Historic house in Manhattan, New York

The Will Marion Cook House is a historic townhouse at 221 West 138th Street, in the part of Harlem known as Strivers' Row in Manhattan, New York City. It was the home of Will Marion Cook (1869-1944), a leading African-American musician and composer of the period, from 1918 until his death in 1944. Cook was a major influence on later musicians including Sidney Bechet, Duke Ellington, and Josephine Baker. It was declared a National Historic Landmark in 1976.
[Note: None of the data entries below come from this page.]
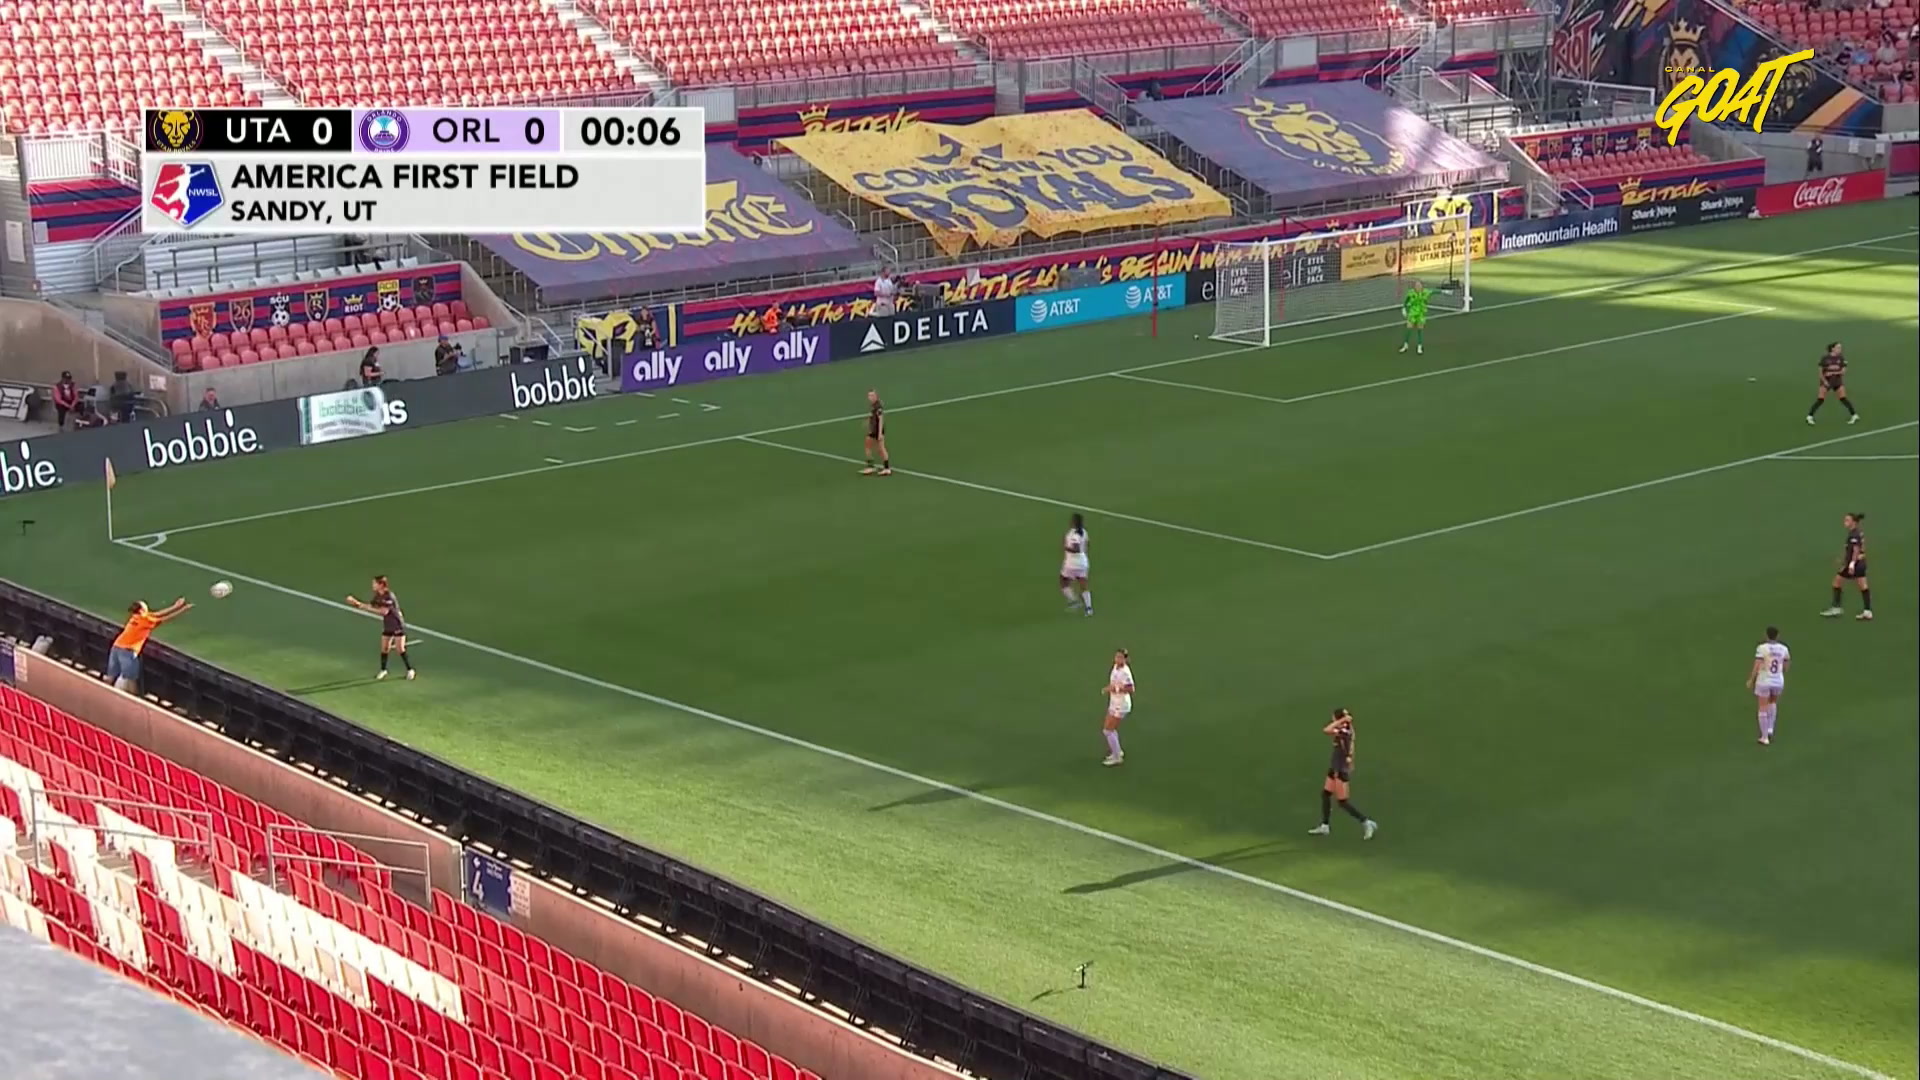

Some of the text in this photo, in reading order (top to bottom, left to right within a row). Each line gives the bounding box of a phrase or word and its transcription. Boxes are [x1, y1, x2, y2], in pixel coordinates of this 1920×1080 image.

[853, 166, 981, 192] COME
[1037, 144, 1134, 168] YOU
[884, 165, 1196, 231] ROYALS
[1501, 224, 1580, 250] Intermountain
[1582, 217, 1618, 237] Health
[345, 304, 364, 313] RIOT
[1049, 298, 1081, 317] AT&T
[1143, 284, 1173, 303] AT&T
[893, 308, 989, 345] DELTA
[704, 340, 752, 375] ally
[772, 330, 819, 365] ally
[633, 350, 683, 385] ally
[1770, 659, 1779, 674] 8
[472, 870, 485, 901] 4
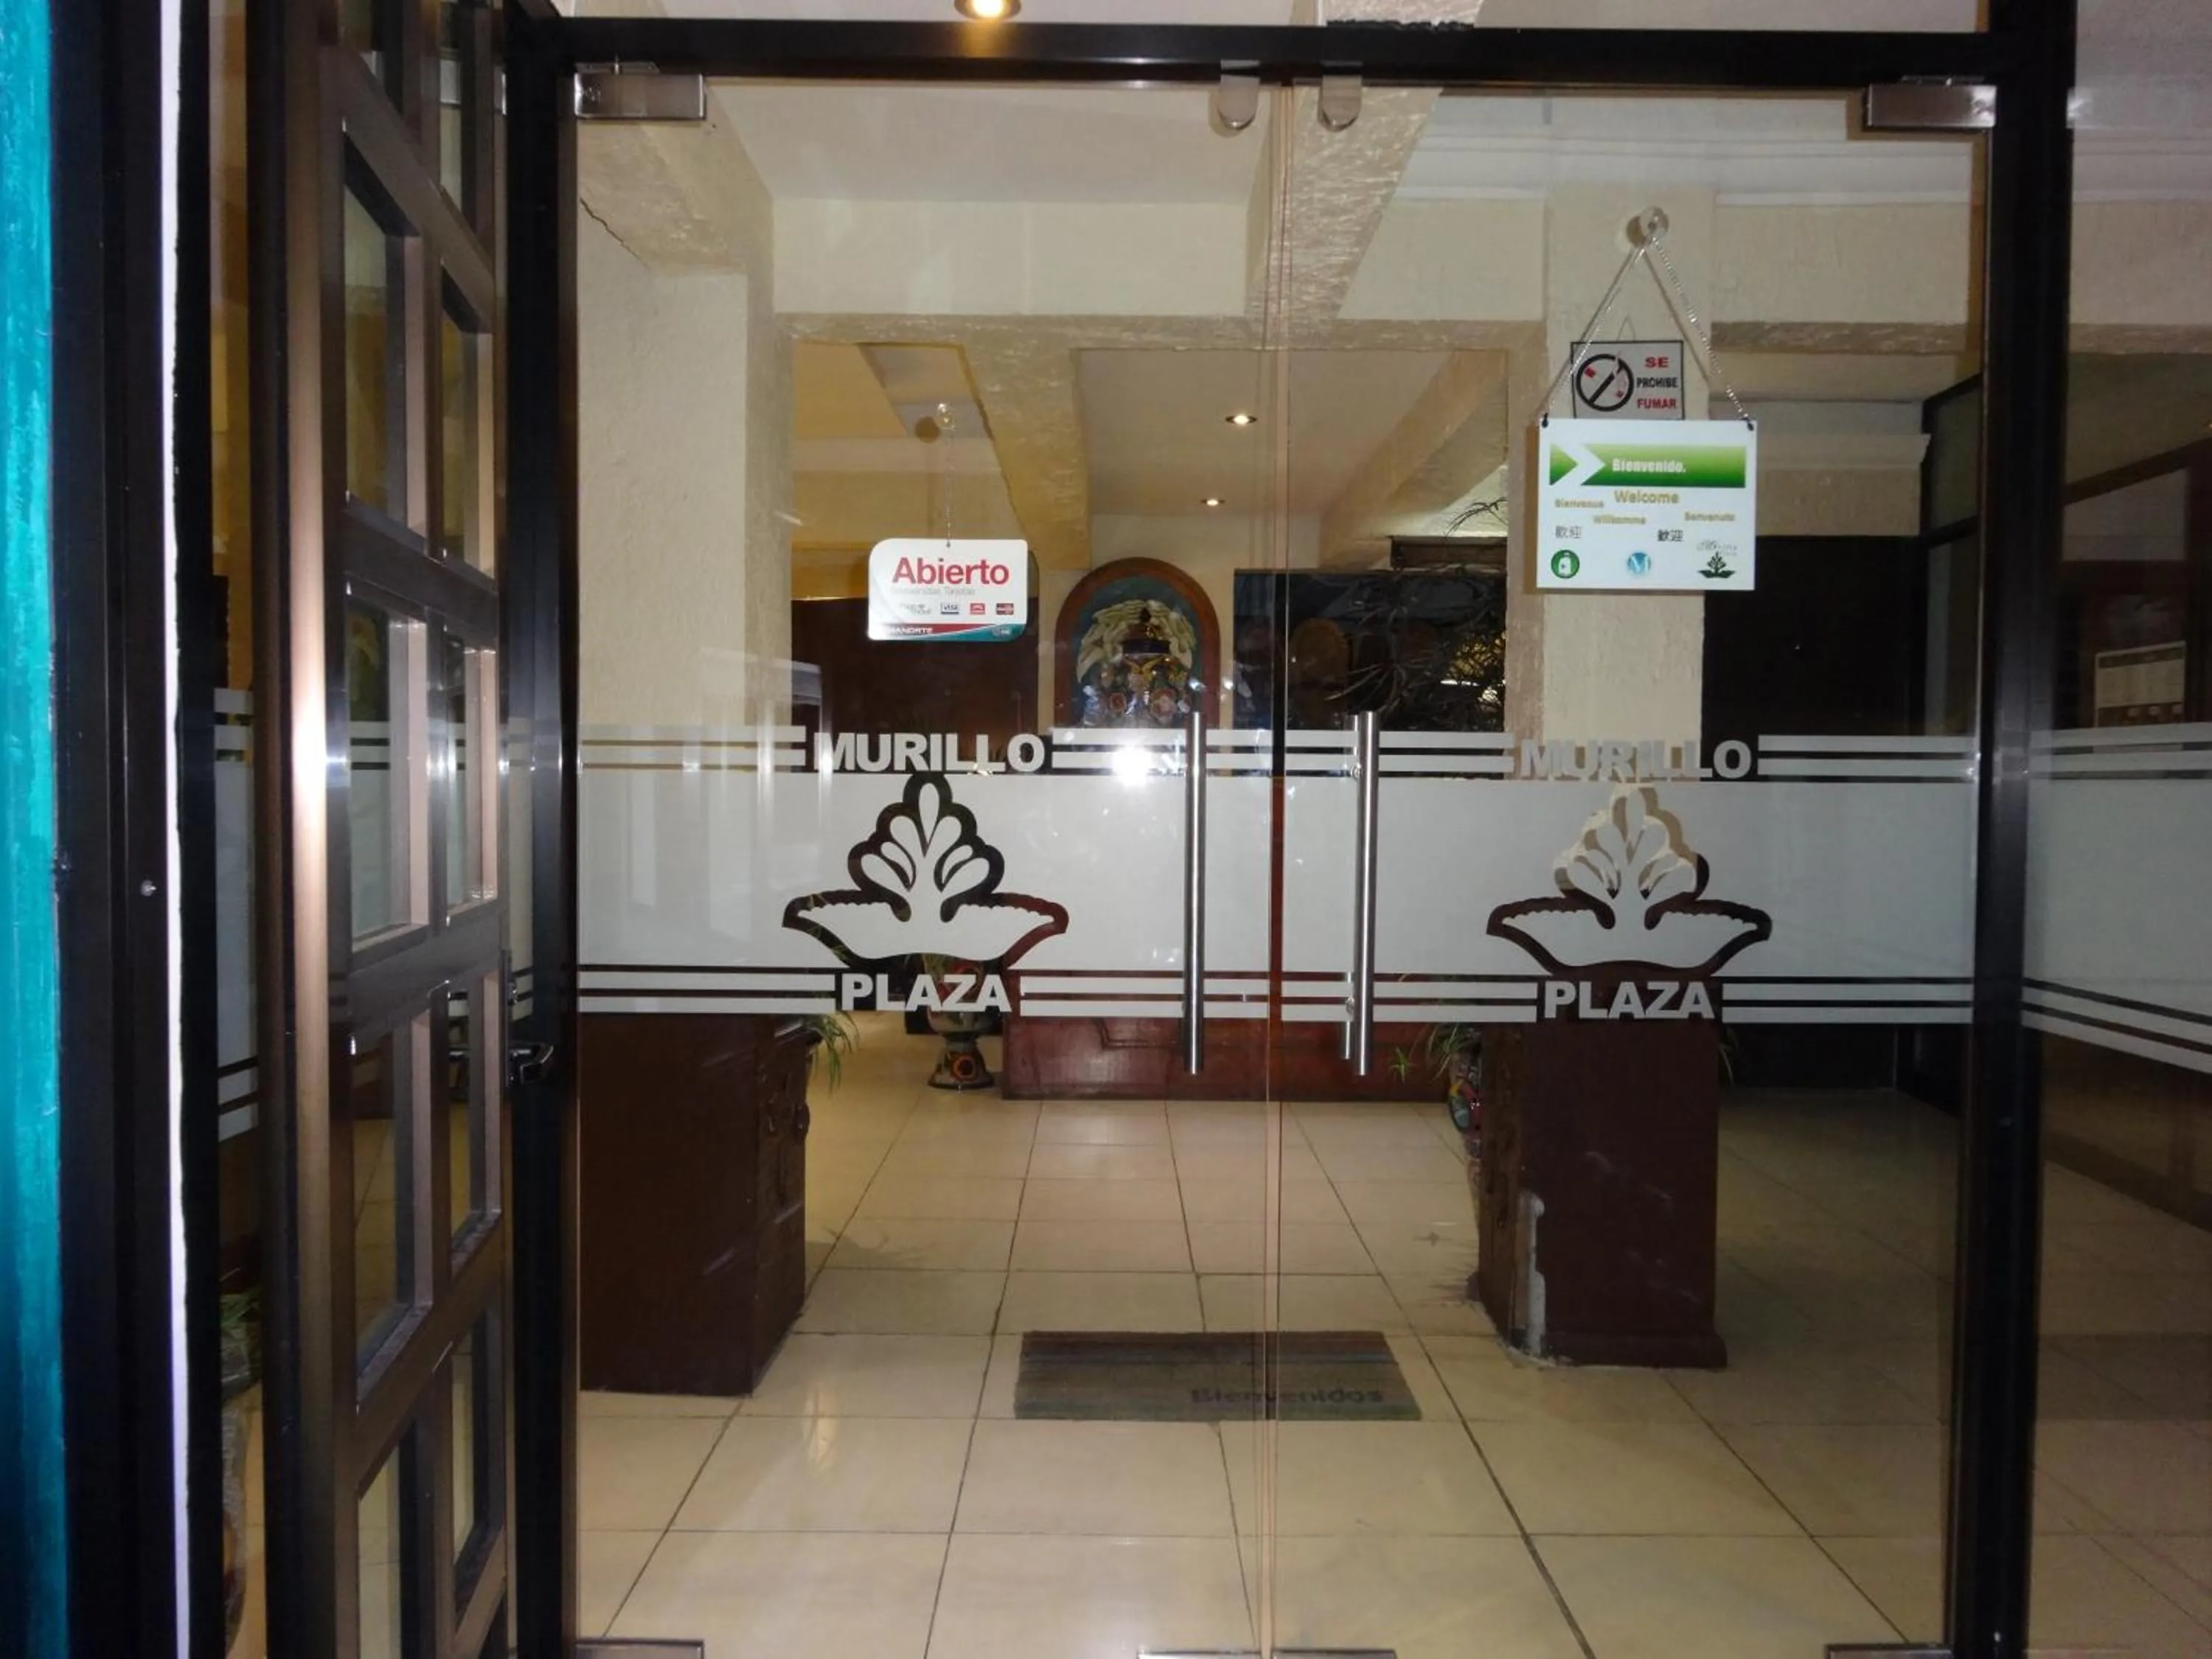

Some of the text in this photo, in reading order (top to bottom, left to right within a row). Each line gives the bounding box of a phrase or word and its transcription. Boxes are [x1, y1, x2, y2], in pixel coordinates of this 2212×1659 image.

[1645, 356, 1669, 368] SE
[1636, 377, 1677, 388] PROHIBE
[1637, 398, 1677, 409] FUMAR
[1613, 490, 1680, 504] Welcome
[892, 557, 1009, 585] Abierto
[813, 732, 1046, 772] MURILLO
[1521, 739, 1752, 779] MURILLO
[841, 973, 1012, 1012] PLAZA
[1544, 981, 1715, 1020] PLAZA
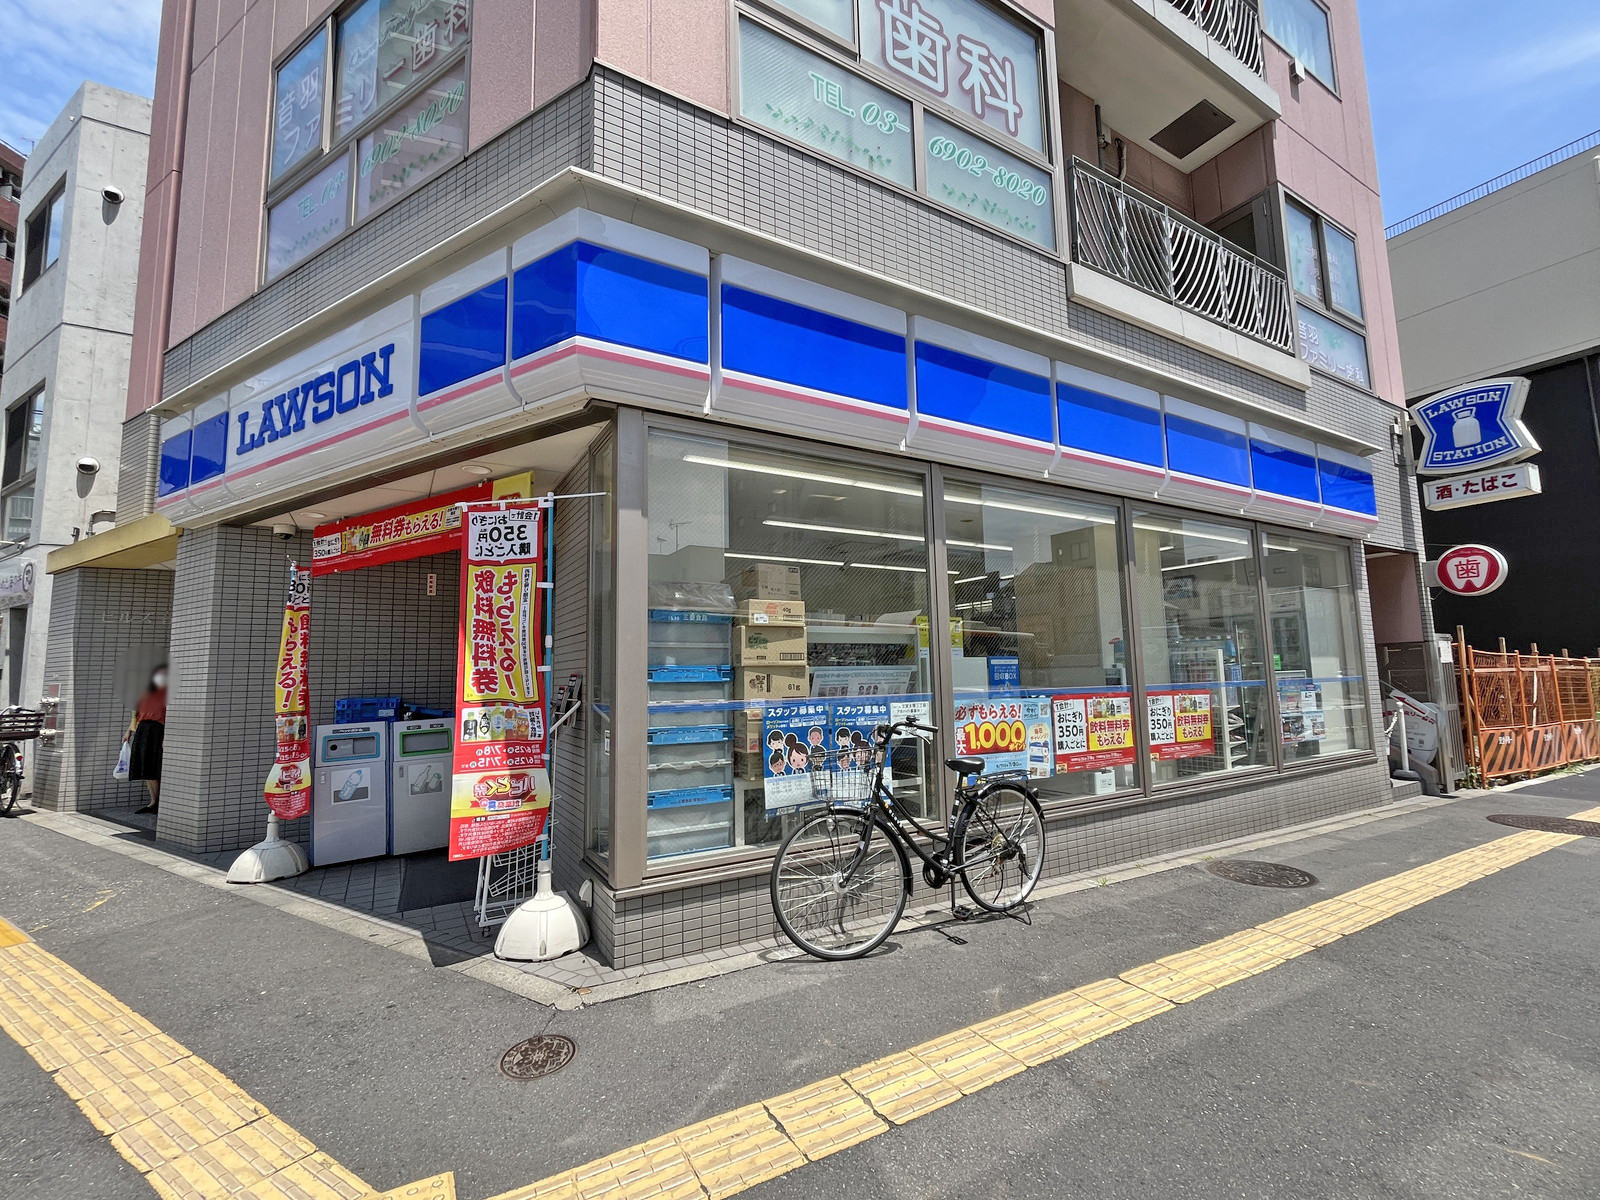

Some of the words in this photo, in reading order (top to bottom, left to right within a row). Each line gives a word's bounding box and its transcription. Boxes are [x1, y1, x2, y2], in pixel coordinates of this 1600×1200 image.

[874, 0, 1024, 136] 歯科
[236, 342, 395, 456] LAWSON
[1426, 391, 1502, 419] LAWSON
[1432, 436, 1509, 462] STATION
[1435, 473, 1518, 500] 酒・たばこ
[1454, 559, 1481, 579] 歯
[767, 705, 824, 718] スタッフ募集中
[836, 705, 887, 716] スタッフ募集中
[954, 704, 1022, 721] 必ずもらえる!
[1057, 711, 1083, 723] おにぎり
[1150, 706, 1172, 717] おにぎり
[1089, 719, 1130, 734] 飲料無料券
[1176, 713, 1209, 727] 飲料無料券
[956, 728, 967, 754] 最大
[964, 720, 1027, 750] 1,000
[1057, 740, 1086, 751] 購入ごとに
==Description and history==
The Will Marion Cook House is located on the north side of West 138th Street, between 7th and 8th Avenues. This area, known as Strivers' Row, was home to a number of well-known people during the height of Harlem's cultural successes of the early 20th century. It is an end unit of a row of sixteen three-story Renaissance Revival brick rowhouses, built by developer David H. King in 1891. The ground floor is two bays wide, with the main entrance in the left bay, set in a rounded-arch opening. The second floor features a single three-part window, with narrow sidelights flanking a larger central sash, separated by Ionic columns; a half-round terra cotta panel above the center window gives the grouping the feel of a Palladian window. The third floor has a central sash window, separated from side narrow windows by brickwork. First and third-floor window bays, while all feature splayed lintels of terra cotta.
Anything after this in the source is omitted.